Apenas si habían quedado dos paredes cubiertas por los collages . Las restantes habían sido "desnudadas" con cuidado infinito por especialistas llegados de España. El rompecabezas se volvería a armar en Madrid tal como había sido compuesto por Ramón en la casa de Buenos Aires. Una de esas paredes se encuentra hoy en el Museo de Arte Contemporáneo de Madrid y fue escaneada para que el Museo Reina Sofía tuviera una copia.
Entre las imágenes que aún no habían sido levantadas, Luisa me enseñó una foto de Brigitte Bardot al lado de una reproducción de Diego Velázquez. Y más allá, también se veía a Elvis Presley. El aparente caos encerraba un secreto. Las vecindades no eran casuales. Pero ya no había tiempo para descifrar el enigma. Luisa posó contra una pared despojada; de todos modos, al costado, había otro muro- collage . Luisa hablaba de los celos enfermizos de su esposo, al que ella le guardaba una fidelidad perfecta.
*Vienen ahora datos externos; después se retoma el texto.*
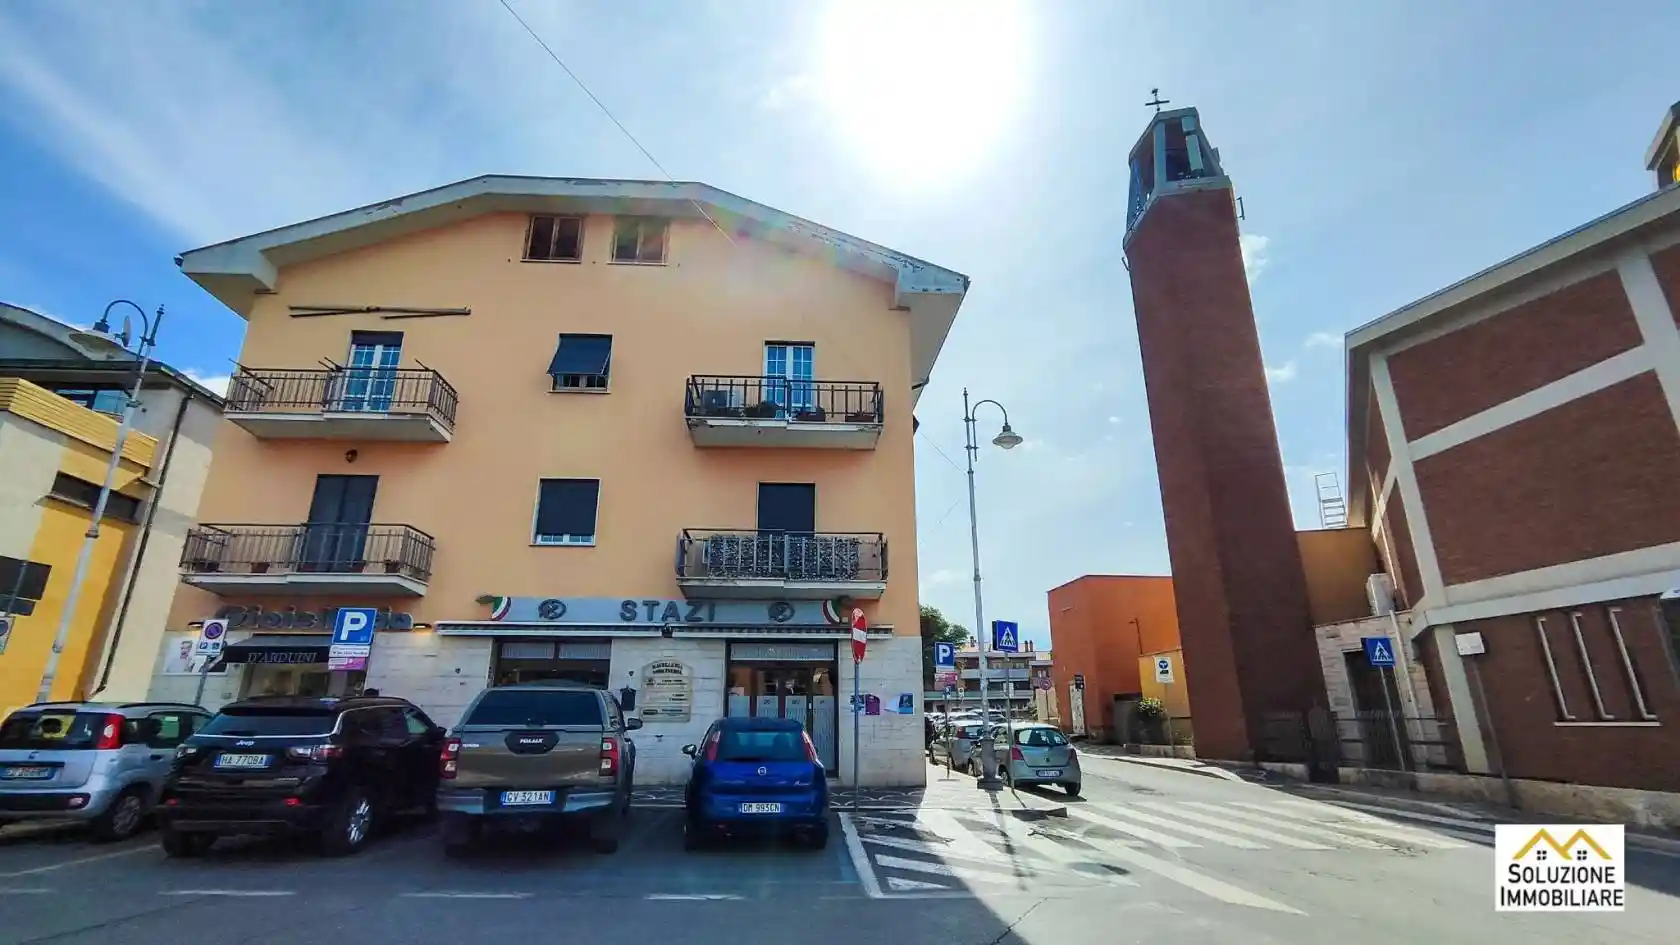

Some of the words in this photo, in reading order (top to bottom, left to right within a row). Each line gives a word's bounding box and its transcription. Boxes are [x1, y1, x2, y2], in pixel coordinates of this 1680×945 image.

[620, 600, 715, 622] STAZI
[340, 611, 368, 641] P
[938, 644, 951, 664] P
Ramón sabía que su mujer le era fiel, pero le era imposible no celarla. La seguía a escondidas cuando ella paseaba por Buenos Aires. Sufría ferozmente cada vez que se gastaban los zapatos de Luisa porque ella tendría que comprar nuevos. Sufría no por avaricia, sino por celos. Su mujer habría de tender sus pies y sus piernas a un vendedor que, tal como se acostumbraba en la época, la ayudaría a calzarse, rozaría sus pies y el extremo de sus piernas. El contacto suave era aún más peligroso que la caricia pesada porque despertaba anhelos y los frustraba al nacer. Luisa posaba admirablemente para las fotos: combinaba melancolía y misterio en la mirada. Me di cuenta de que el fotógrafo que me acompañaba había quedado envuelto en esa historia de una mujer a la que el marido, por medio de palabras, había vuelto irresistiblemente deseable y peligrosa. Con la cámara en mano, fotografiaba a Luisa como si tuviera delante a una enigmática, inalcanzable estrella de Hollywood. Ella lo dejaba hacer con una sonrisa cansada que parecía buscar descanso para sus anhelos en la luz del flash . A veces, los ojos de Luisa con cierto aire de ensueño se posaban en las uvas de vidrio (¿o eran las verdaderas?).